The purpose of this page is to provide a usage guide for boto3-refresh-session. The following sections cover installation, initialization, refresh methods and behavior, MFA support, client and resource caching, IoT Core X.509 support, and some miscellaneous features. Use these instructions as a guide to get started with boto3-refresh-session, but refer to the API docs for comprehensive technical documentation of all features and parameters. If you have any questions or run into issues, please open an issue on GitHub or reach out to the maintainer directly.

Installation#

boto3-refresh-session is available on PyPI.

You can install extras for IoT support and development dependencies as needed.

# with pip
pip install boto3-refresh-session

# with pip + iot as an extra
pip install boto3-refresh-session[iot]

# with pip + dev dependencies
pip install boto3-refresh-session[dev]

# with pip + all extras
pip install boto3-refresh-session[dev,iot]

# with pip in editable mode (for contributors)
uv pip install -e ".[dev,iot]"

Attention

Versions 7.2.4 through 7.2.14 were deleted from PyPI and GitHub tags due to a critical packaging issue. Users with versions in that range should upgrade to v7.2.15+. Refer to the changelog for more details.

Authorization#

To use boto3-refresh-session, you must have AWS credentials configured locally. Configuring credentials for boto3-refresh-session is the same as for boto3. Refer to the boto3 documentation for more details.

Initialization#

Everything in boto3 is ultimately built on the boto3.session.Session object — including Client and Resource objects. boto3-refresh-session extends this interface while adding automatic temporary credential refresh and some additional features.
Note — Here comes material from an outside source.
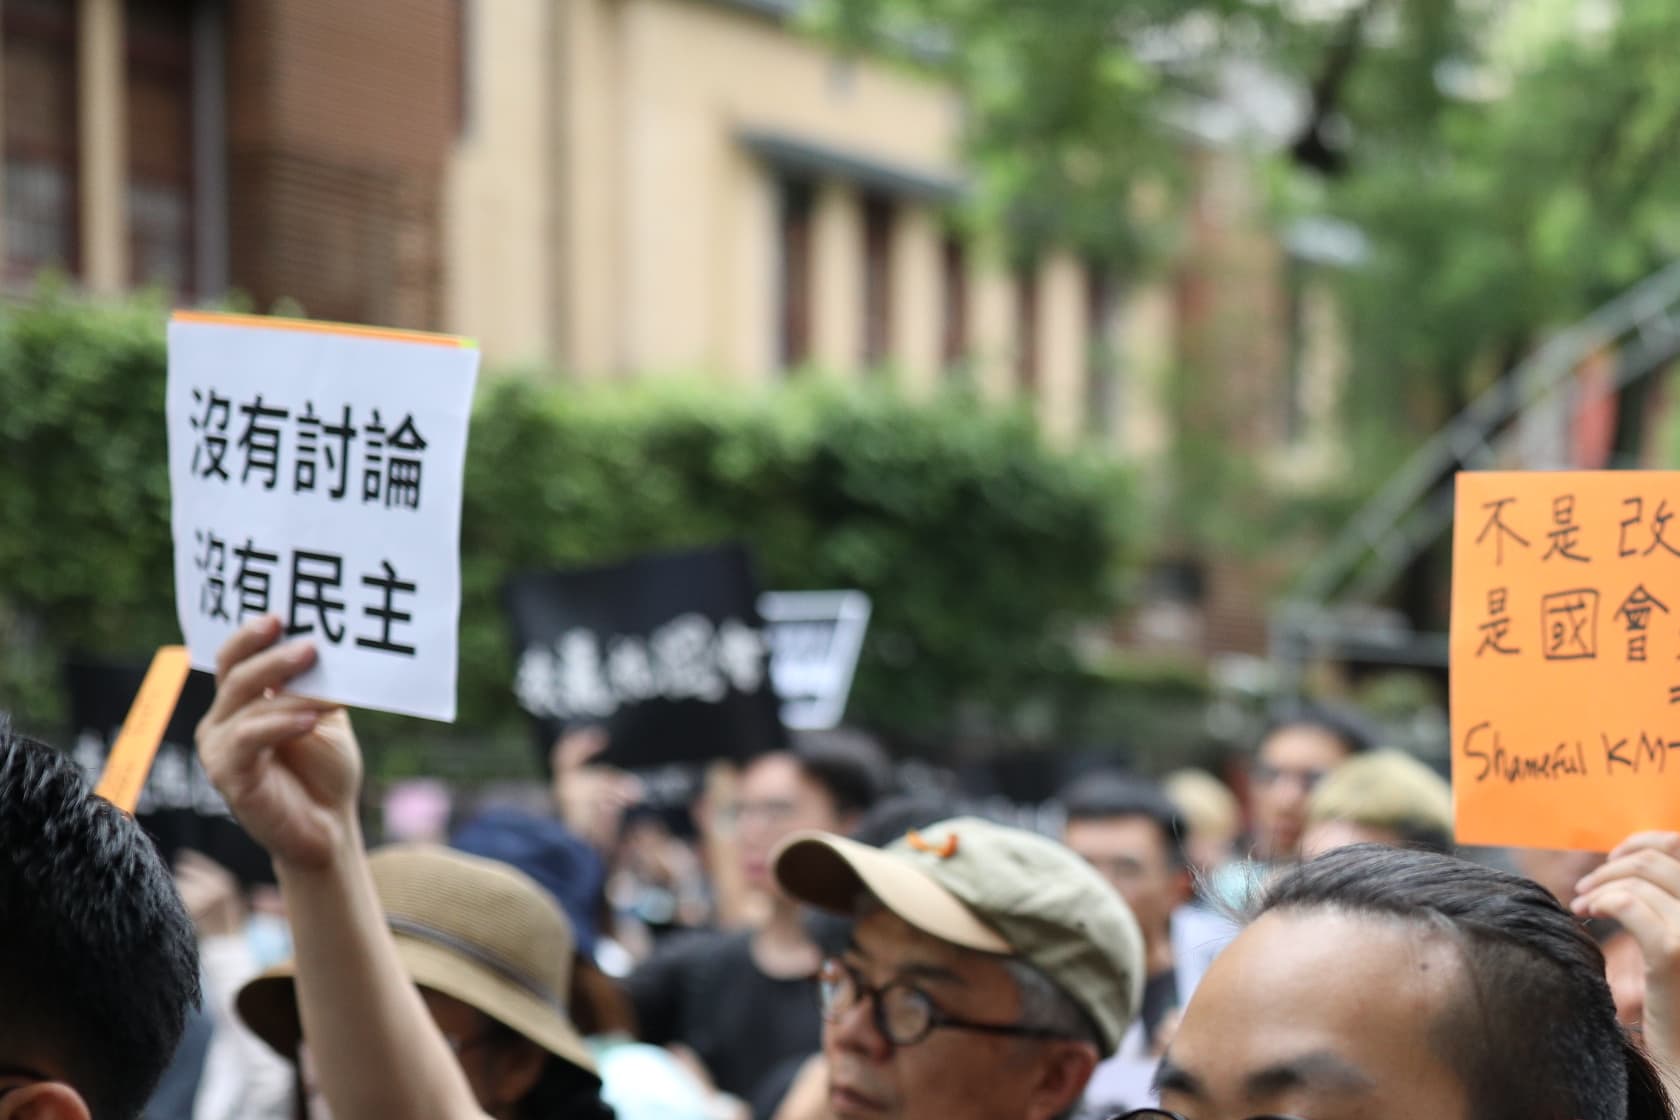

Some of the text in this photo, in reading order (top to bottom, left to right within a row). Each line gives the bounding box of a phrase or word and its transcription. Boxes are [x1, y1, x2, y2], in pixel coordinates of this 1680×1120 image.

[188, 387, 429, 512] 沒有討論
[195, 530, 418, 656] 沒有民主
Creating a session with boto3_refresh_session.session.RefreshableSession is straightforward. Below is a basic example of creating a Client via STS role assumption.

Tip

You can leave RoleSessionName in assume_role_kwargs blank if you like. boto3-refresh-session will default to “boto3-refresh-session” for you.

Tip

You can also provide assume_role_kwargs as a simple dictionary instead of an boto3_refresh_session.utils.config.AssumeRoleConfig object if you prefer. Both approaches are functionally equivalent!

from boto3_refresh_session import AssumeRoleConfig, RefreshableSession

session = RefreshableSession(
    assume_role_kwargs=AssumeRoleConfig(
        RoleArn="<your-role-arn>",
        RoleSessionName="<your-role-session-name>",
    )
)

s3 = session.client('s3')

boto3_refresh_session.session.RefreshableSession can be initialized exactly like a normal boto3.session.Session object. It accepts every parameter which boto3.session.Session does, in addition to parameters for STS role assumption, refresh behavior, timeout limits, MFA, and cache behavior. To illustrate, below is an example of creating a Client via STS role assumption with custom retry configuration and region specification.

Tip

boto3_refresh_session.session.RefreshableSession also accepts a sts_client_kwargs parameter, which allows you to pass custom parameters to the internal STS client used for role assumption. Like assume_role_kwargs, sts_client_kwargs can be provided as either a dictionary or a boto3_refresh_session.utils.config.STSClientConfig object. Check the STS.Client documentation for available parameters.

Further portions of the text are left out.